According to the company's management, 10 of its shopping malls in Mariupol, Chernihiv, Bucha, Nikopol, Kharkiv, Kamianske, Kherson, Sumy and Kryvyi Rih had been destroyed and 13 had been damaged by Russian forces as of August 2026. Two logistic centers in Kyiv were also destroyed. Melitopol shopping mall came under Russian occupation.

On August 24, 2026, Russian forces struck and destroyed two Epicenter shopping malls in Odesa.

==Stores==
Each store has a large overflow and free parking, as well as a cafe and a bank. The company offers a possibility of custom design on a wide selection of its products as well as delivery and an express delivery.

==Contributions==
The company also helps with the construction of the Kyivan Spiritual Academy and participates in a wide variety of sponsorship throughout the country: Gert Goff show commemorated to 750-year anniversary of Lviv, jubilee concerts of Pavlo Zibrov and Valentyna Stepova, and many others.

===Sport===
In 2008, the company became the title sponsor of the Ukrainian Premier League in football.

For some period, the company was a sponsor of the Ukraine national football team (Ukrainian Association of Football).

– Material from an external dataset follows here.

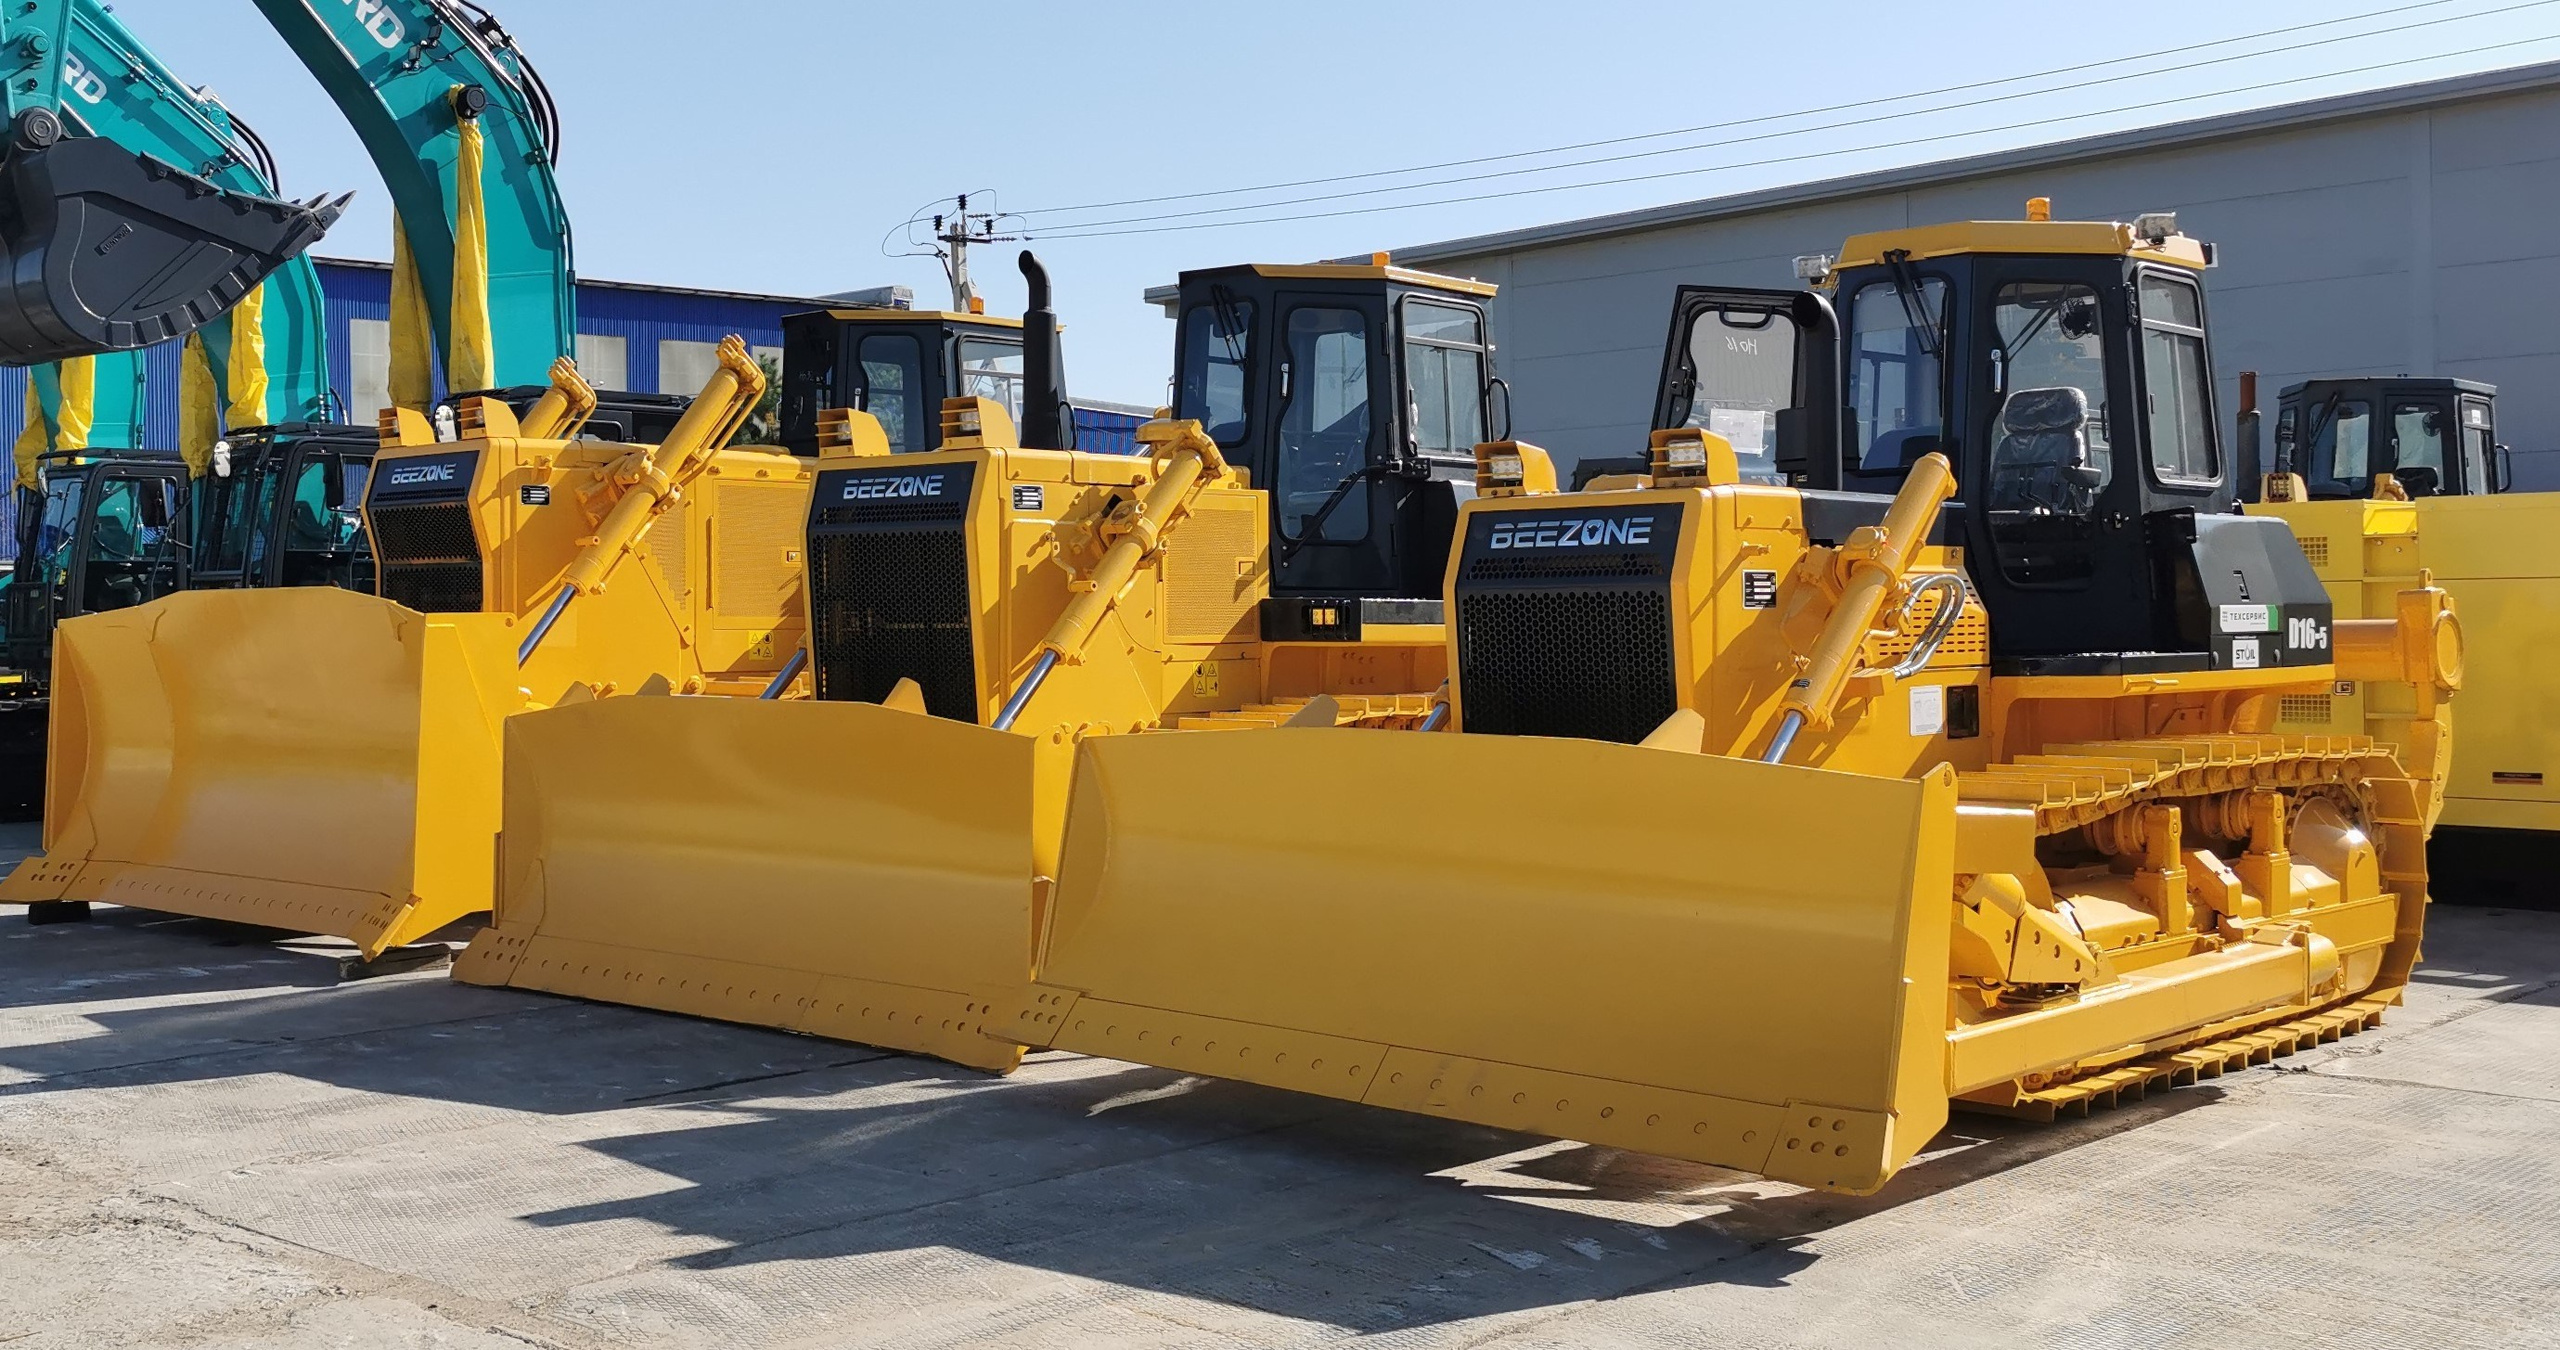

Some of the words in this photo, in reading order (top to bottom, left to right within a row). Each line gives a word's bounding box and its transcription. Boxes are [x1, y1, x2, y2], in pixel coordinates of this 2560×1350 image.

[391, 463, 457, 484] BEEZONE
[843, 475, 945, 500] BEEZONE
[1490, 516, 1655, 549] BEEZONE
[2288, 617, 2328, 650] D16-5

Starting in 2019 the company's sponsorship made possible for one of the Ukrainian provincial football clubs from Dunaivtsi organize into a competitive collective and participate in football competitions at national level (FC Epitsentr Dunaivtsi).

==Incidents==
9 September 2017 Epicentr K warehouses in Lviv caught fire. Approximately 30 m^{2} of space burned down because of fire at the plumbing rack.

2 September 2021 at 12:58 in Pervomaisk a man with an axe and a knife came to one of Epicentr K stores and spilled the flammables. Mall's security tried to stop him but he struck one of them with an axe, set the fire and ran away, they've chased them down in the yards but began to fight and wounded another guard. Meanwhile over 1000 m² of space were on fire, it was localized at 14:20 and liquidated at 18:30. February 4 police had caught the man and arrested him for 60 days.